## Your assignment
Each record needs to be retyped exactly, though its pictures should not appear.
*** Opening Input ***
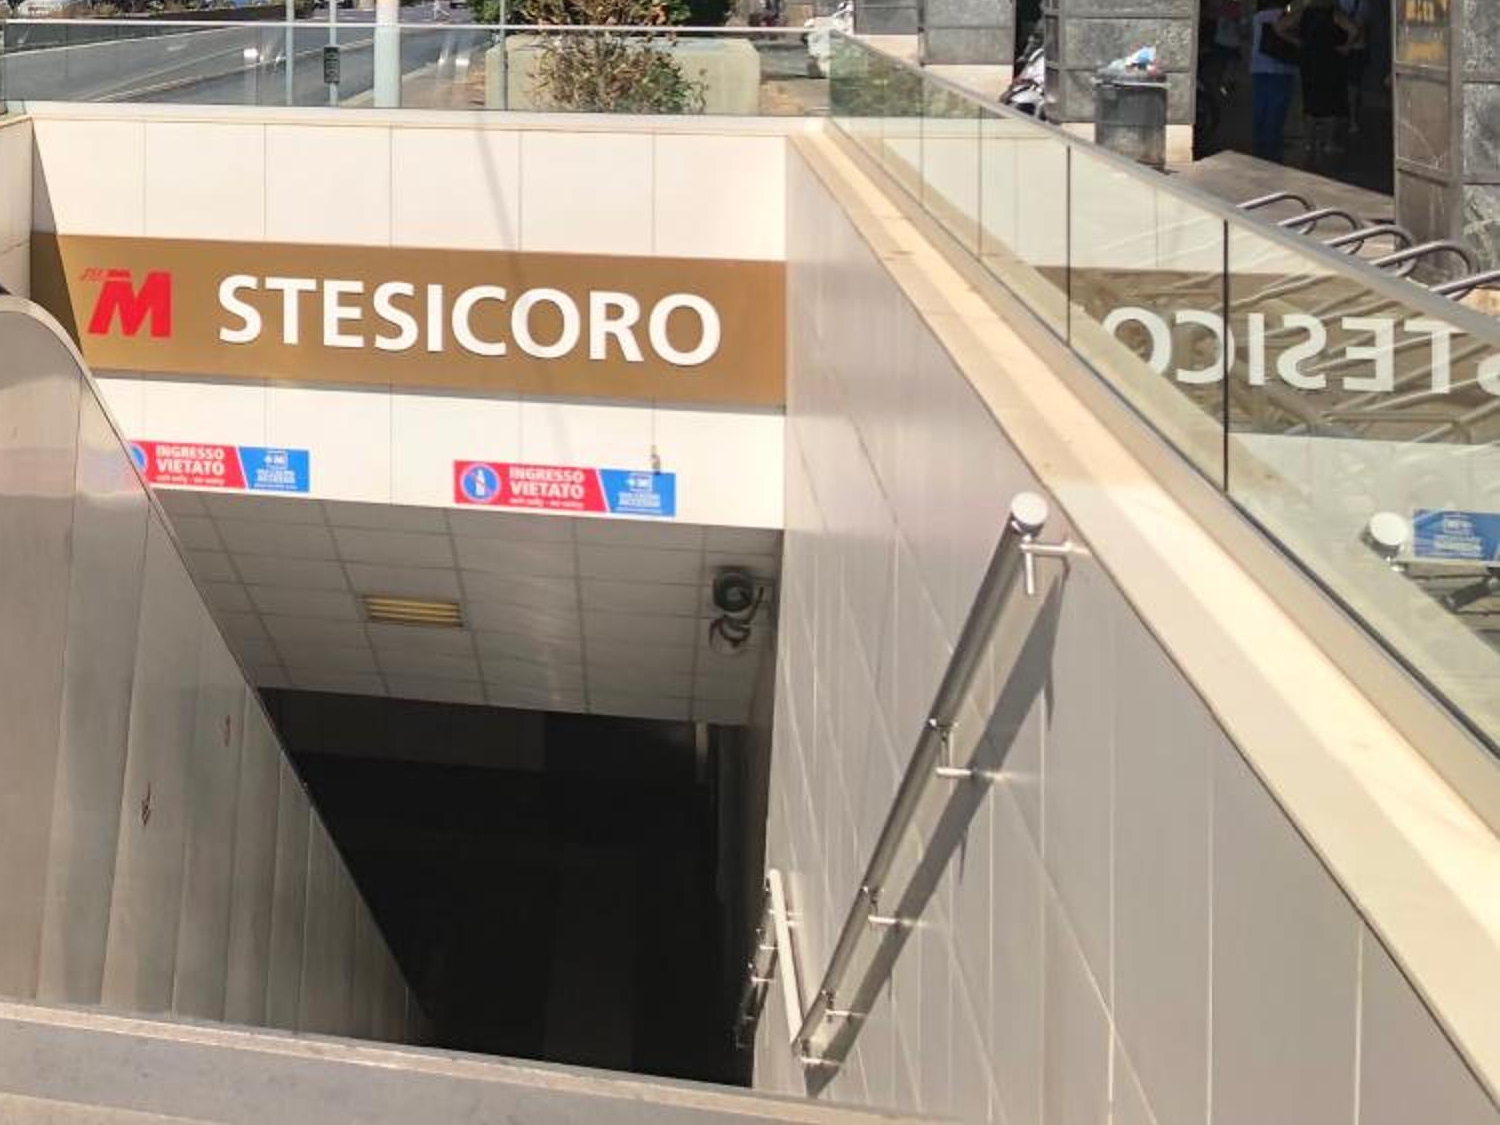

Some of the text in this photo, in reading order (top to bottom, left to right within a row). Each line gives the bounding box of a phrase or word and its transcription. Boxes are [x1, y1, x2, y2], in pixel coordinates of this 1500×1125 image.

[217, 274, 722, 367] STESICORO
[155, 444, 225, 461] INGRESSO
[155, 459, 225, 476] VIETATO
[509, 466, 585, 483] INGRESSO
[509, 481, 585, 500] VIETATO
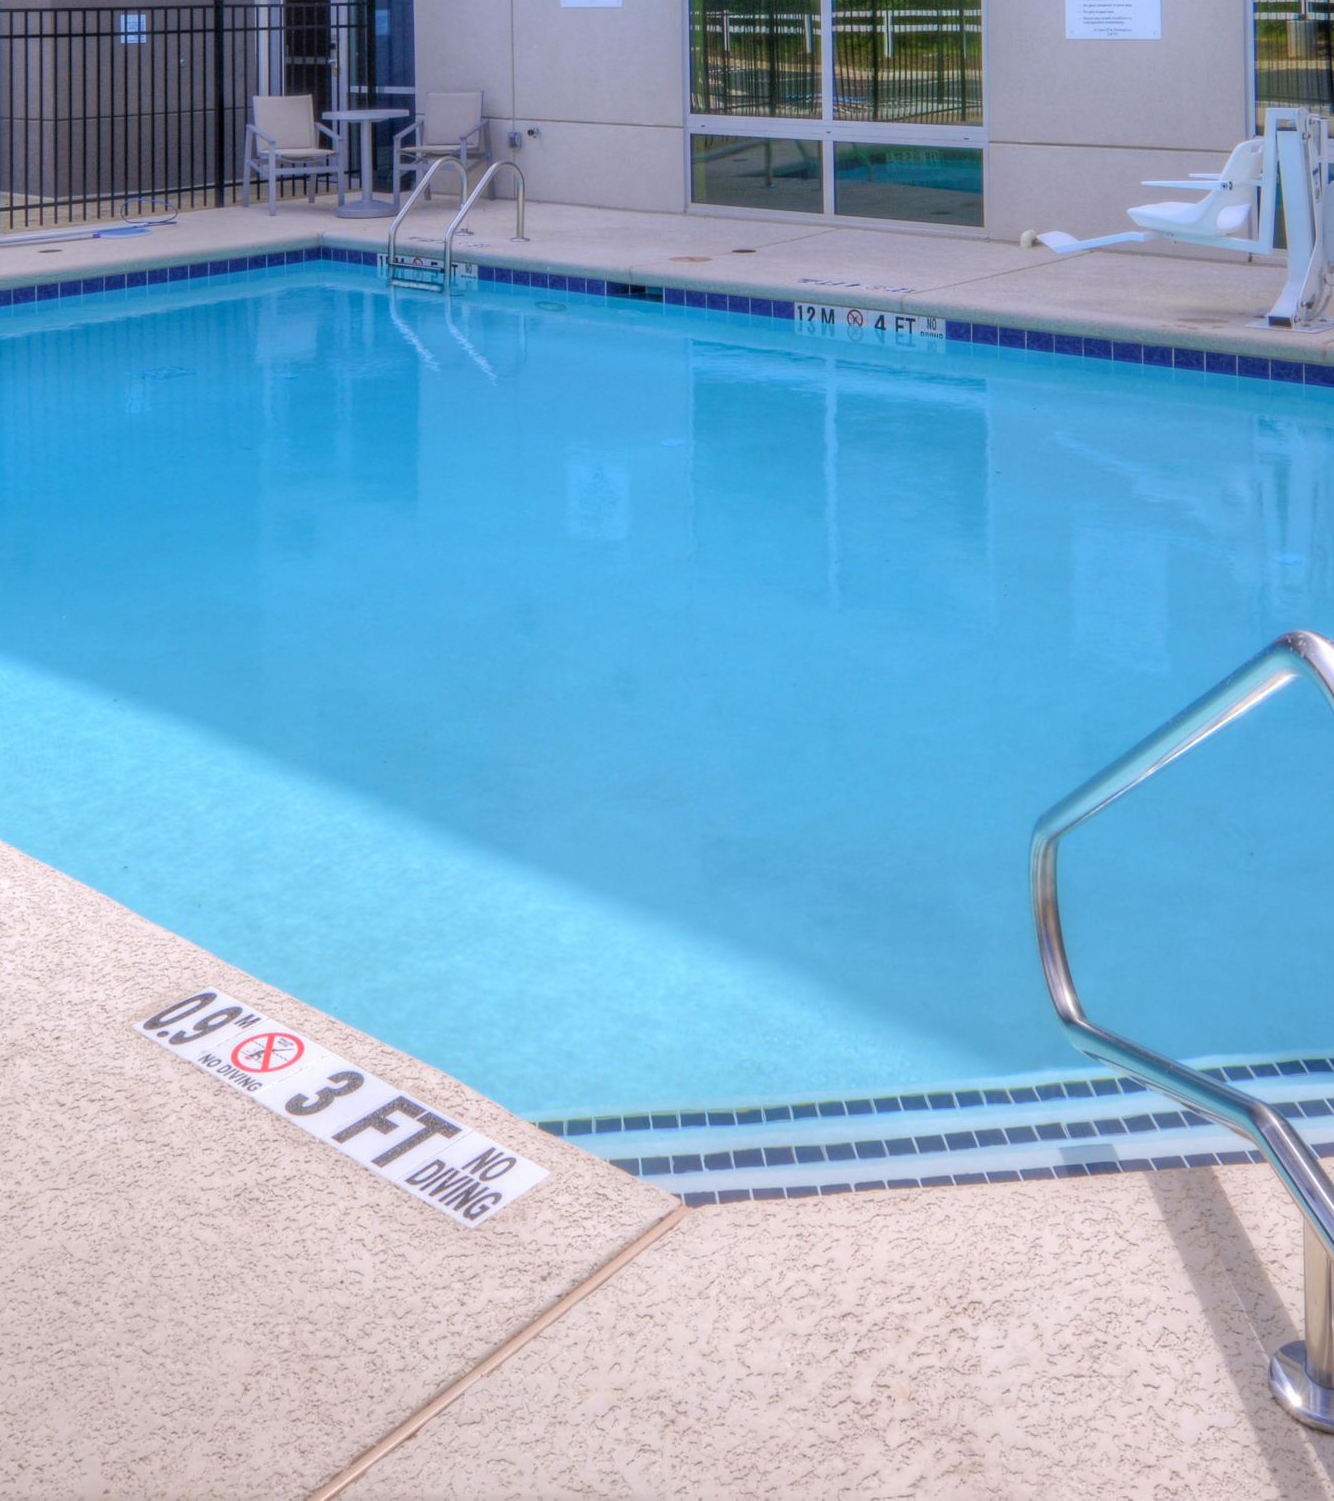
*** Closing Input ***
## Solution below
Some of the text in this photo, in reading order (top to bottom, left to right within a row). Each line gives the bounding box of a phrase or word and its transcription. Boxes are [x1, y1, x2, y2], in pixel coordinates of this 1500×1125 image.

[217, 274, 722, 367] STESICORO
[155, 444, 225, 461] INGRESSO
[155, 459, 225, 476] VIETATO
[509, 466, 585, 483] INGRESSO
[509, 481, 585, 500] VIETATO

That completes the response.